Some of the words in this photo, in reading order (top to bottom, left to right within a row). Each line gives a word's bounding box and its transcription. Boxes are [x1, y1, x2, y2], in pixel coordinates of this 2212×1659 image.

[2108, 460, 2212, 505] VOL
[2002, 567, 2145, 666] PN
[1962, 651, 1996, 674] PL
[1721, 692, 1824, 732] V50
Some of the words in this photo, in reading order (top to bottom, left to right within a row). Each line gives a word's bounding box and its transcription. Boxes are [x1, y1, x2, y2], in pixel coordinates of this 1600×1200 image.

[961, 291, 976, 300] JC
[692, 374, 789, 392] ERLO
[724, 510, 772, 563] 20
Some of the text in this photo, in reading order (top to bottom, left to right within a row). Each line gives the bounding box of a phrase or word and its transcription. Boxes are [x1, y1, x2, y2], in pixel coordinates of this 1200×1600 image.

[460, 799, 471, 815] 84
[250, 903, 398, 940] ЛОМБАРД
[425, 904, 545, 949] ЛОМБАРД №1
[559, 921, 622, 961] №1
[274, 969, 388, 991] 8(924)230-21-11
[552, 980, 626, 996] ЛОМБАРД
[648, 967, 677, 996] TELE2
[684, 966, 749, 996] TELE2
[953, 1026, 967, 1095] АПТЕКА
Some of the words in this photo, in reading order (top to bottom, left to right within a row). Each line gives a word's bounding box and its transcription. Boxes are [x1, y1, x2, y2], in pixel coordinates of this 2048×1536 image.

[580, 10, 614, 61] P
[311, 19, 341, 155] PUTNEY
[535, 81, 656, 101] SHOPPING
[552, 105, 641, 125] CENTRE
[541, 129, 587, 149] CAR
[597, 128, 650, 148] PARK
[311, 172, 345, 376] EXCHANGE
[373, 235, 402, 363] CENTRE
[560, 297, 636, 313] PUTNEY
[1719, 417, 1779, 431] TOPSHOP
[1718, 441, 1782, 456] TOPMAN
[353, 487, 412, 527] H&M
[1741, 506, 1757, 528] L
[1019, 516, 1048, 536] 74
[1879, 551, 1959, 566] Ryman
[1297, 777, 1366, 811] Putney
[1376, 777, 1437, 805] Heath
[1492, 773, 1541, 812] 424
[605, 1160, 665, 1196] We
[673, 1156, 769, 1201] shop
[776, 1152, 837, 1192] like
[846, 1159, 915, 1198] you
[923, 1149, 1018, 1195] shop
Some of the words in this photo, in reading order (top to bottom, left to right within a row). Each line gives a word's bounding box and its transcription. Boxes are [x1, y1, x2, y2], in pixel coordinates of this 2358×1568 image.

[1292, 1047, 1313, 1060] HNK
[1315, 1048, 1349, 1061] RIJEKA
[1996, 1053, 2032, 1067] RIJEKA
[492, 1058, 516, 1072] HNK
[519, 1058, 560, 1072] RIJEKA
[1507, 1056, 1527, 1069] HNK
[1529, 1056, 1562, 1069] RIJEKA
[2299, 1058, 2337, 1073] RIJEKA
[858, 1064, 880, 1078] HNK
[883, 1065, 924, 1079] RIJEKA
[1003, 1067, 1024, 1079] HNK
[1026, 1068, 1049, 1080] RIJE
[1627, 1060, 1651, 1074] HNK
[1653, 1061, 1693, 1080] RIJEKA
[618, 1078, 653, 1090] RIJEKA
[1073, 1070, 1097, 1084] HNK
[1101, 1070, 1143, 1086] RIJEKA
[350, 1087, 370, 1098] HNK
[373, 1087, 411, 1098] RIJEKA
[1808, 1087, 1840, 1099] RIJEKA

━━━━━━━━━━

● TRY IT: Would you print all of the material above exactly as written?

● SOLUTION:
Some of the words in this photo, in reading order (top to bottom, left to right within a row). Each line gives a word's bounding box and its transcription. Boxes are [x1, y1, x2, y2], in pixel coordinates of this 2212×1659 image.

[2108, 460, 2212, 505] VOL
[2002, 567, 2145, 666] PN
[1962, 651, 1996, 674] PL
[1721, 692, 1824, 732] V50
Some of the words in this photo, in reading order (top to bottom, left to right within a row). Each line gives a word's bounding box and its transcription. Boxes are [x1, y1, x2, y2], in pixel coordinates of this 1600×1200 image.

[961, 291, 976, 300] JC
[692, 374, 789, 392] ERLO
[724, 510, 772, 563] 20
Some of the text in this photo, in reading order (top to bottom, left to right within a row). Each line gives the bounding box of a phrase or word and its transcription. Boxes are [x1, y1, x2, y2], in pixel coordinates of this 1200×1600 image.

[460, 799, 471, 815] 84
[250, 903, 398, 940] ЛОМБАРД
[425, 904, 545, 949] ЛОМБАРД №1
[559, 921, 622, 961] №1
[274, 969, 388, 991] 8(924)230-21-11
[552, 980, 626, 996] ЛОМБАРД
[648, 967, 677, 996] TELE2
[684, 966, 749, 996] TELE2
[953, 1026, 967, 1095] АПТЕКА
Some of the words in this photo, in reading order (top to bottom, left to right within a row). Each line gives a word's bounding box and its transcription. Boxes are [x1, y1, x2, y2], in pixel coordinates of this 2048×1536 image.

[580, 10, 614, 61] P
[311, 19, 341, 155] PUTNEY
[535, 81, 656, 101] SHOPPING
[552, 105, 641, 125] CENTRE
[541, 129, 587, 149] CAR
[597, 128, 650, 148] PARK
[311, 172, 345, 376] EXCHANGE
[373, 235, 402, 363] CENTRE
[560, 297, 636, 313] PUTNEY
[1719, 417, 1779, 431] TOPSHOP
[1718, 441, 1782, 456] TOPMAN
[353, 487, 412, 527] H&M
[1741, 506, 1757, 528] L
[1019, 516, 1048, 536] 74
[1879, 551, 1959, 566] Ryman
[1297, 777, 1366, 811] Putney
[1376, 777, 1437, 805] Heath
[1492, 773, 1541, 812] 424
[605, 1160, 665, 1196] We
[673, 1156, 769, 1201] shop
[776, 1152, 837, 1192] like
[846, 1159, 915, 1198] you
[923, 1149, 1018, 1195] shop
Some of the words in this photo, in reading order (top to bottom, left to right within a row). Each line gives a word's bounding box and its transcription. Boxes are [x1, y1, x2, y2], in pixel coordinates of this 2358×1568 image.

[1292, 1047, 1313, 1060] HNK
[1315, 1048, 1349, 1061] RIJEKA
[1996, 1053, 2032, 1067] RIJEKA
[492, 1058, 516, 1072] HNK
[519, 1058, 560, 1072] RIJEKA
[1507, 1056, 1527, 1069] HNK
[1529, 1056, 1562, 1069] RIJEKA
[2299, 1058, 2337, 1073] RIJEKA
[858, 1064, 880, 1078] HNK
[883, 1065, 924, 1079] RIJEKA
[1003, 1067, 1024, 1079] HNK
[1026, 1068, 1049, 1080] RIJE
[1627, 1060, 1651, 1074] HNK
[1653, 1061, 1693, 1080] RIJEKA
[618, 1078, 653, 1090] RIJEKA
[1073, 1070, 1097, 1084] HNK
[1101, 1070, 1143, 1086] RIJEKA
[350, 1087, 370, 1098] HNK
[373, 1087, 411, 1098] RIJEKA
[1808, 1087, 1840, 1099] RIJEKA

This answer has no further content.